The heart of the PK-4 laboratory consists of a direct current (DC) discharge tube. A plasma is generated by applying an electric field between an anode and a cathode. Microparticles are then injected into the plasma and move through the tube into the working area where their motion is recorded with two cameras, the images of which are joined for analysis. The movement of the microparticles inside the fields of view of the cameras is followed by experimenters. The polarity of this electric field can be switched at a high frequency, so that the microparticles can be trapped in the working area.

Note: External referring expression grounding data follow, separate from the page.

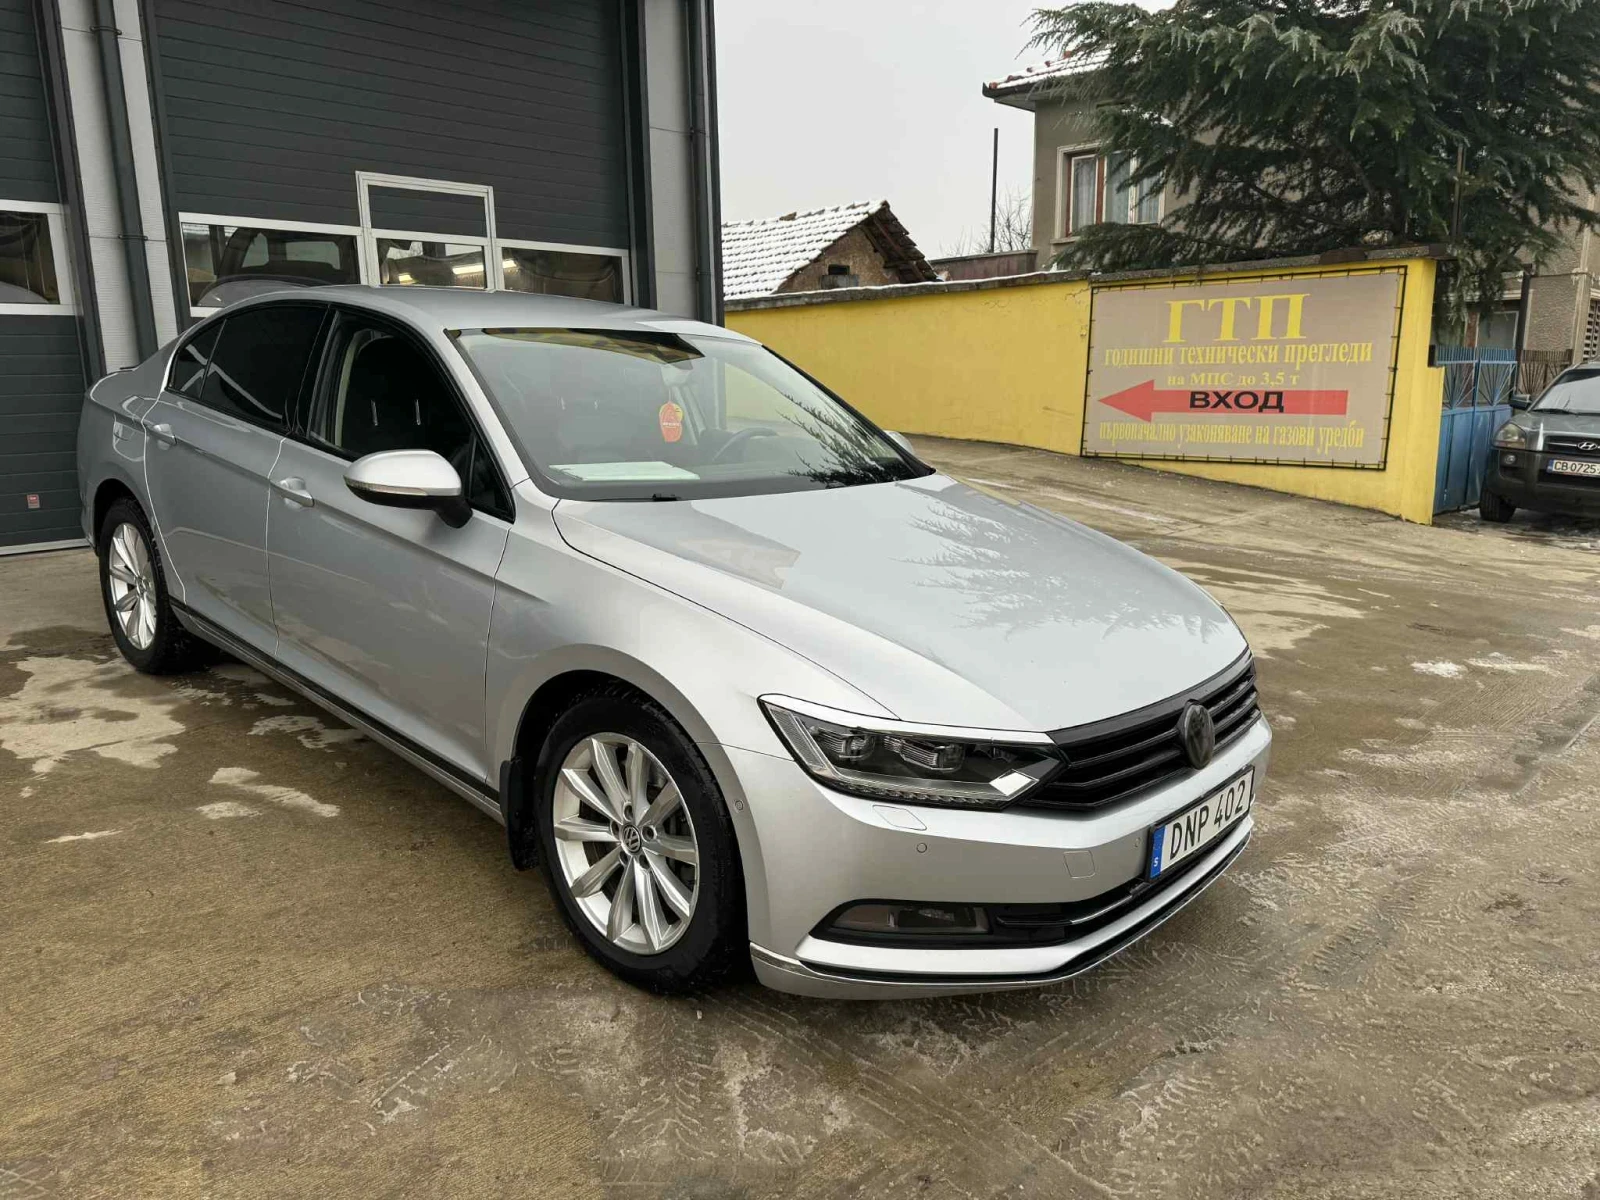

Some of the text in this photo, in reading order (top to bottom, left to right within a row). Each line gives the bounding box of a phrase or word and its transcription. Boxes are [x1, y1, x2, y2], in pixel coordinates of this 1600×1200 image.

[1162, 293, 1311, 343] ГТП
[1104, 342, 1373, 371] годишни технически прегледи
[1167, 374, 1185, 386] на
[1190, 372, 1234, 386] МПС
[1237, 374, 1256, 387] до
[1260, 371, 1285, 387] 3,5
[1189, 390, 1285, 413] ВХОД
[1099, 420, 1365, 456] първоначално узаконяване на газови уредби
[1169, 779, 1246, 860] DNP 402
[1153, 857, 1159, 867] S
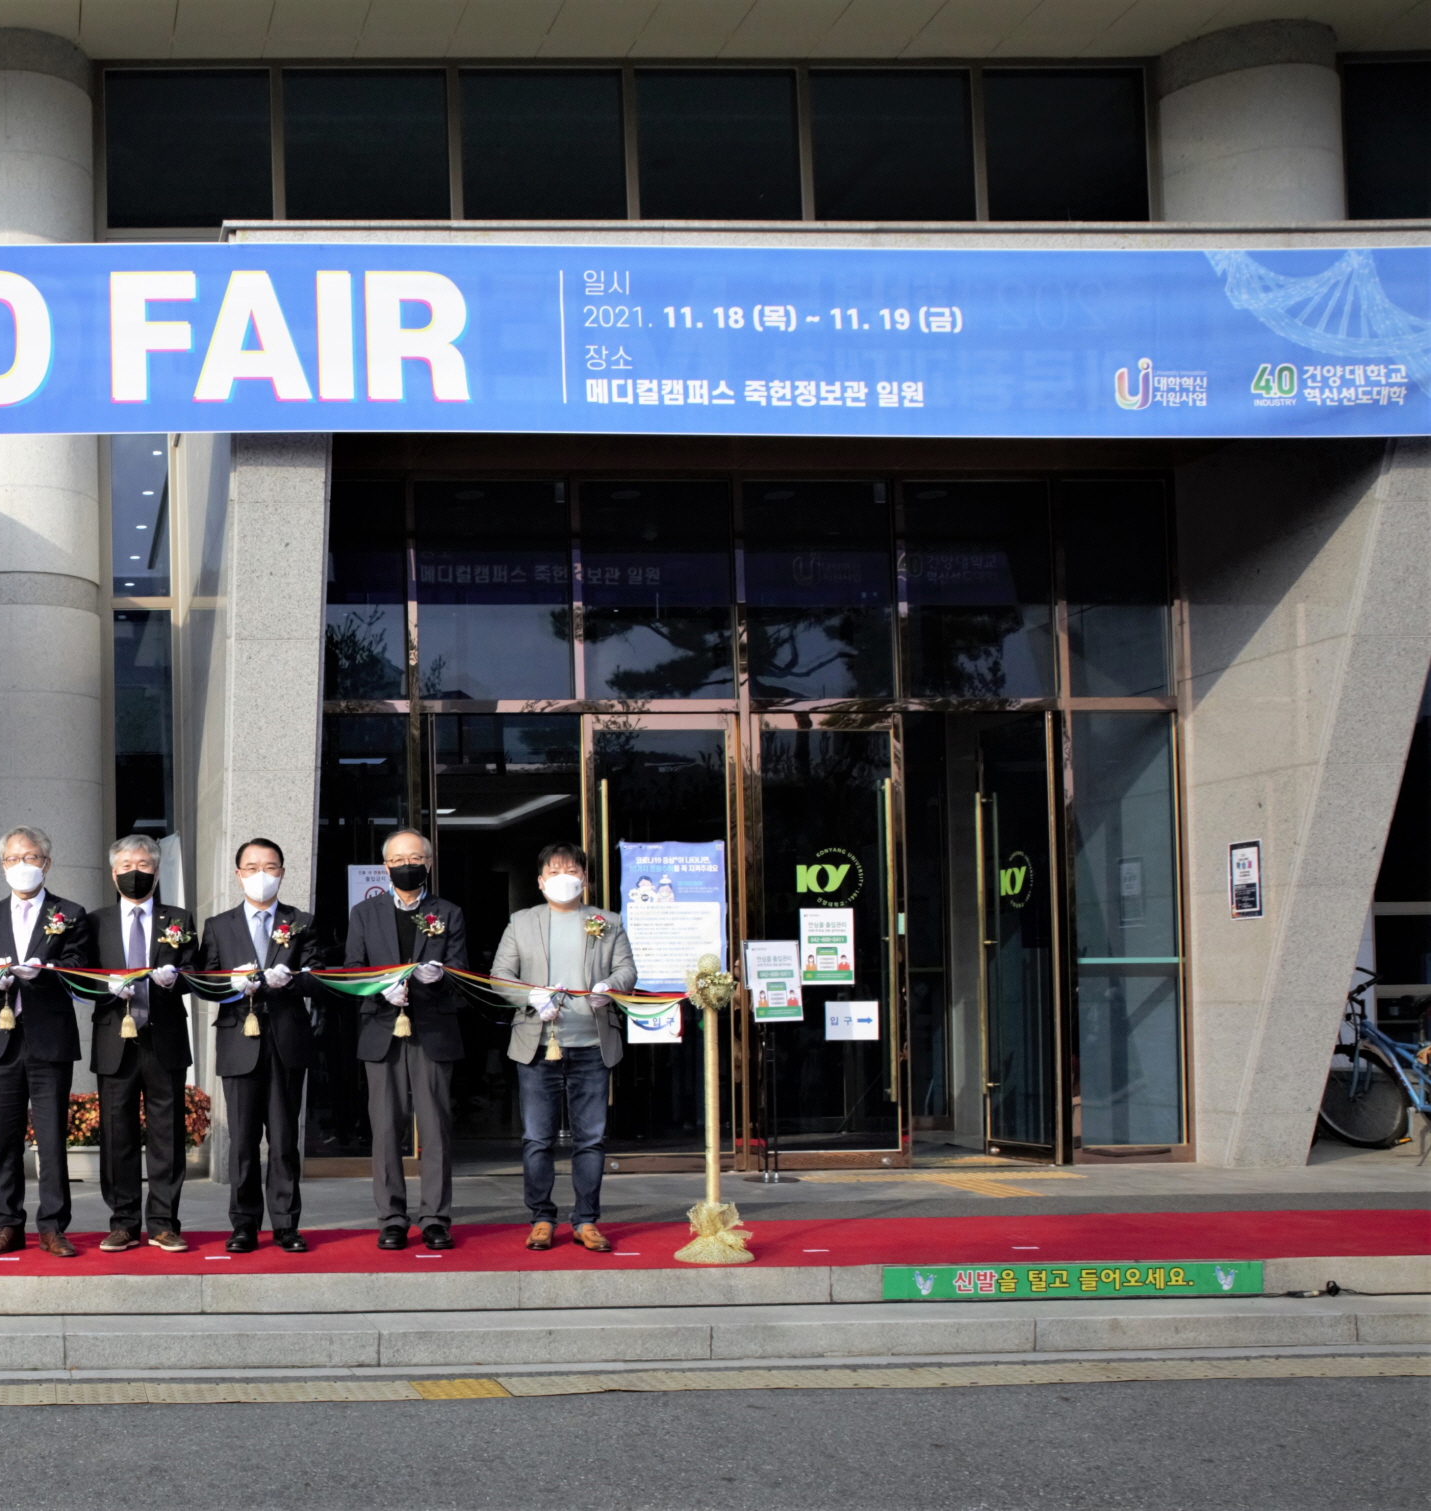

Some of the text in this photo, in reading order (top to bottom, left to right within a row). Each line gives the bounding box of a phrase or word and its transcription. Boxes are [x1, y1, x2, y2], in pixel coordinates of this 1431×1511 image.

[583, 269, 631, 296] 일시
[583, 305, 654, 329] 2021.
[664, 306, 704, 329] 11.
[713, 307, 745, 329] 18
[830, 308, 870, 330] 11.
[879, 308, 911, 330] 19
[109, 269, 471, 404] FAIR
[584, 345, 634, 371] 장소
[1153, 376, 1208, 391] 대학혁신
[1302, 364, 1409, 387] 건양대학교
[585, 378, 925, 408] 메디컬캠퍼스 죽헌정보관 일원
[1153, 391, 1208, 407] 지원사업
[1253, 398, 1297, 407] INDUSTRY
[1303, 385, 1407, 406] 혁신선도대학
[816, 848, 864, 887] KONYANG UNIVERSITY
[953, 1267, 1195, 1293] 신발을 털고 들어오세요.

A variety of manipulation techniques are available, for instance a manipulation laser that can produce shear flow, and a thermal manipulator which can trap microparticles with a thermal gradient. The optical observation of the microparticles is complemented by other diagnostics methods: a spectrometer and a glow camera that records the plasma glow in several spectral lines.

==Scientific goals==

As its predecessors, PK-4 Plus studies complex plasmas, which are low temperature plasmas that contain highly charged microparticles. The microparticles interact with each other and with the plasma and can be used to study a variety of topics, for instance waves, the influence of microparticles on the plasma, string formation, and shear flow.